Sorry for all the writing and thanks for reading.


----------



## SirDice (Jan 23, 2015)

If you're looking for something to host websites on, some apps and a bit of storage I would suggest getting a VPS instead. Virtual machines are ideal. With most providers you can easily up or downgrade CPUs, RAM and storage space. So it'll match your requirements better. There's also no hardware maintenance, i.e. stuff that breaks. No write-offs. And hosting it at a provider also means you get a decent internet connection regardless of the speed of your home connection.
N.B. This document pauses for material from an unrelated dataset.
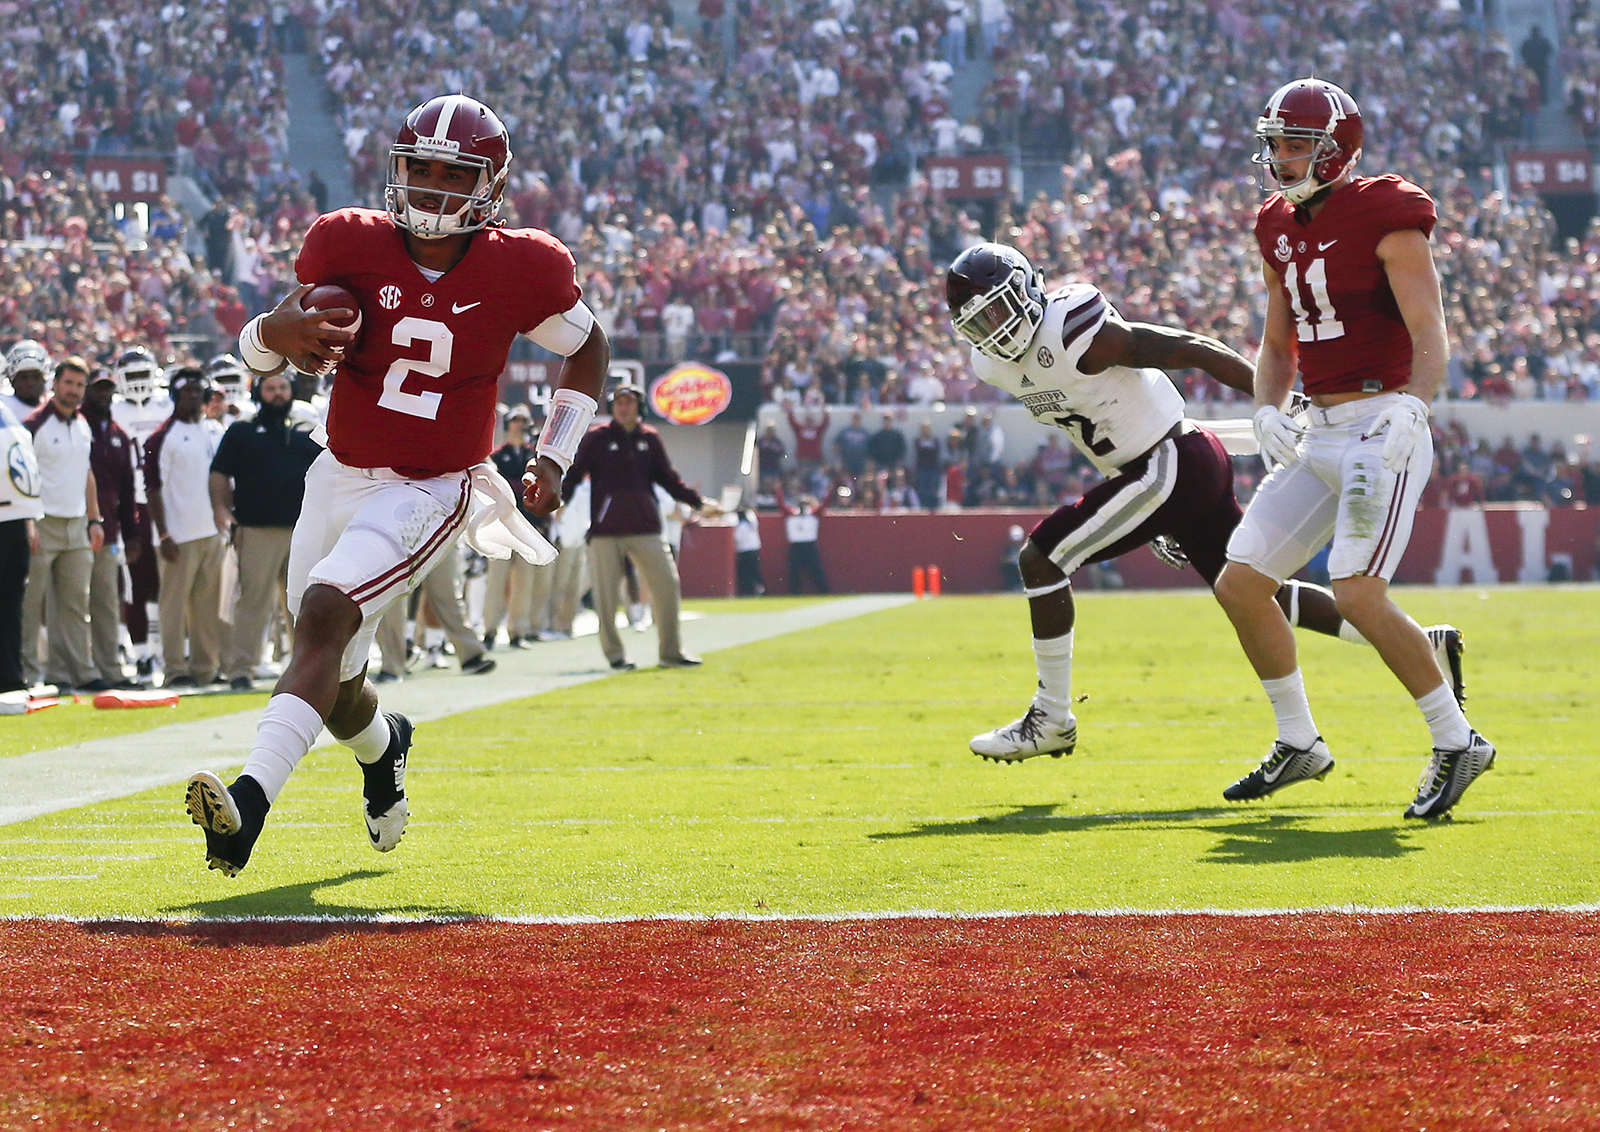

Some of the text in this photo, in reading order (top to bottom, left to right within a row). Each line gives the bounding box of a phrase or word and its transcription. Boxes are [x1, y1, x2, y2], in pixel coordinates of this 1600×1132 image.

[427, 138, 449, 148] BAMA
[379, 285, 402, 310] SEC
[1285, 258, 1345, 342] 11
[377, 316, 454, 420] 2
FreeBSD Hosting/Shared/VPS/Etc


----------



## Bolos9000 (Jan 23, 2015)

Thanks for your input SirDice, but after sometime thinking about NAS systems, going back to a server provider seems way too lazy for me.

- I need at least 400GB storage, this means $480/month at DigitalOcean
- Firstly personal, home and productivity solution
- What about anonymity ?
- I justed moved into a new flat, but so far, I'm very happy with my connection, didn't experienced any downtime and it's the fastest connection I ever had.

Maybe my first post was unclear (or my idea gets more precise), but I'm rather interested in long-term plans, building things.

In fact, it's not that I already made my choice, but I need to know more about home servers to make it.

So, can you provide me more FreeBSD-information about hardware maintenance, stuff that breaks and write-offs ?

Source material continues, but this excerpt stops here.